I have loved every book featuring Tuva Moodyson but this one was by far my favourite so far and I am now chomping at the bit waiting for the next in the series as I’m desperate to find out more, I can’t say anymore but if you read the book you will know what I mean.
Will Dean has written another fabulously atmospheric thriller with the wonderful Tuva at the helm and this one is one hell of a gruesome tale it gave me shivers down my spine and I loved every page!
This author has got an ability to make you actually feel the darkness in the story not only with the vivid descriptions of the scenery but also with a cast of weird and wonderful characters present in the story and this book certainly has plenty of those.
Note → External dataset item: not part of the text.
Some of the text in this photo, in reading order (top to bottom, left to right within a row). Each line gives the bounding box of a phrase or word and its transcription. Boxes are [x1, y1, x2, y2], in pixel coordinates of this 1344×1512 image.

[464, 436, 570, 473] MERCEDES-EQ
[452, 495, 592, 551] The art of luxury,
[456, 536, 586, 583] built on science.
It’s a creepy story even more than previous books but it’s also an excellent thriller with many of the characters from previous books and also lots of new and very strange and eerie ones also.
If you haven’t read any of the books in the series and you want a damn good read then please give them a try this one can be read d as a stand-alone but it’s a shame to miss out on the back story of Tuva and many of the other characters in the books just a warning though once you pick this book and others up you won’t be able to put them down they are all amazing!
Can’t praise the book and author enough I loved everything about it many thanks to Will Dean for an outstanding read that deserves more than the five stars I can give.
My thanks also to NetGalley and Oneworld Publications, Point Blank for giving me the chance to read the ARC in exchange for my honest opinion.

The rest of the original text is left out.